> _Task to complete_
Will you output all of the data below exactly, omitting the images?
==== Information given ====
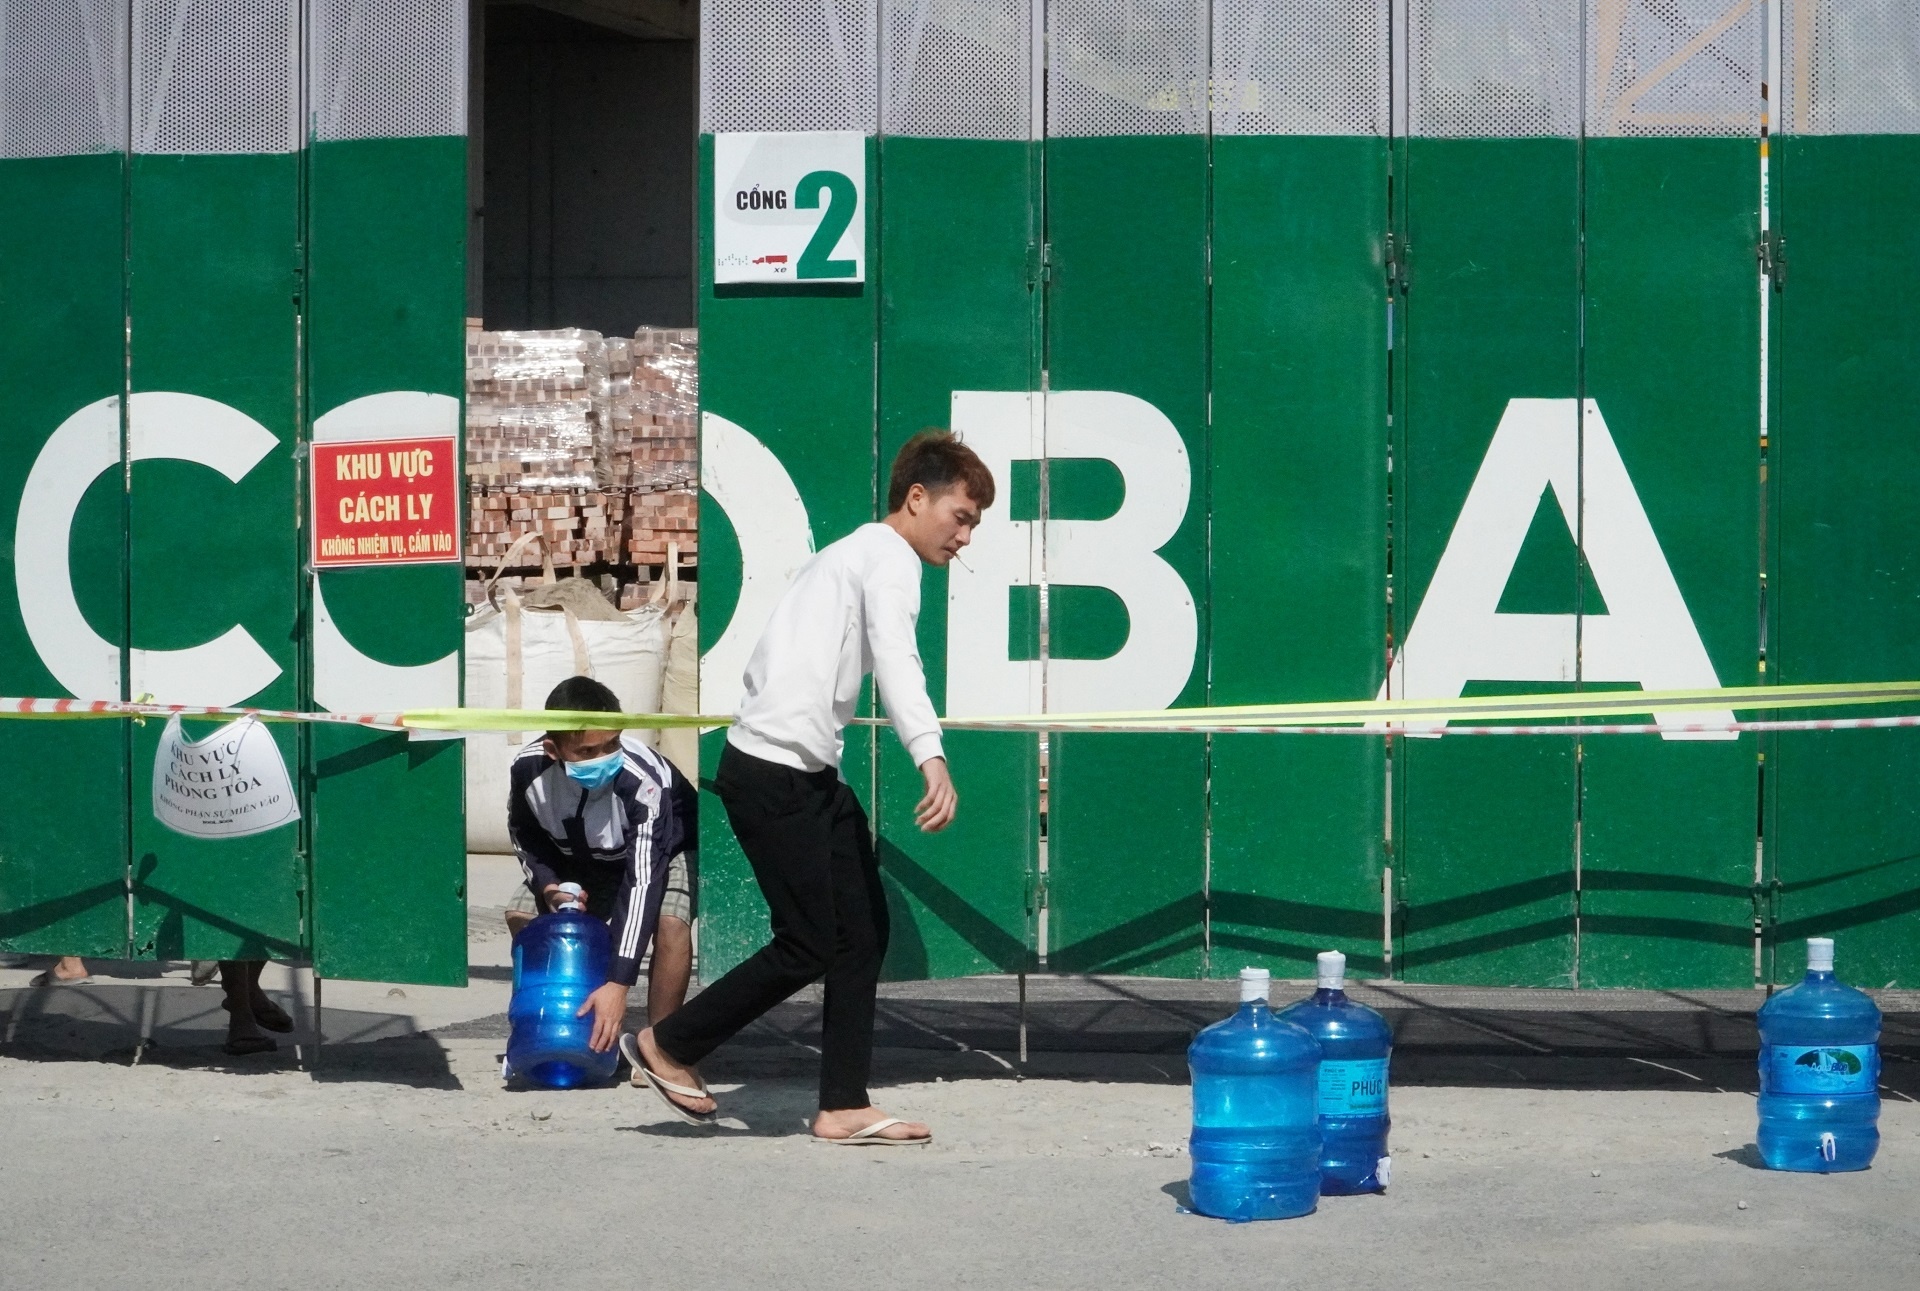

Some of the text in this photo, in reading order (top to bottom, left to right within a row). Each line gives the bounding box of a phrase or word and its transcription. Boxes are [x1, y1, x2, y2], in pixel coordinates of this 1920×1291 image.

[736, 170, 858, 279] CỔNG 2
[336, 448, 434, 483] KHU VỰC
[339, 491, 433, 523] CÁCH LY
[321, 529, 452, 558] KHÔNG NHIỆM VỤ, CẤM VÀO
[170, 740, 238, 765] KHU VỰC
[170, 760, 241, 783] CÁCH LY
[1351, 1076, 1383, 1096] PHÚC
====
> _Output of the task_
Some of the text in this photo, in reading order (top to bottom, left to right within a row). Each line gives the bounding box of a phrase or word and its transcription. Boxes are [x1, y1, x2, y2], in pixel coordinates of this 1920×1291 image.

[736, 170, 858, 279] CỔNG 2
[336, 448, 434, 483] KHU VỰC
[339, 491, 433, 523] CÁCH LY
[321, 529, 452, 558] KHÔNG NHIỆM VỤ, CẤM VÀO
[170, 740, 238, 765] KHU VỰC
[170, 760, 241, 783] CÁCH LY
[1351, 1076, 1383, 1096] PHÚC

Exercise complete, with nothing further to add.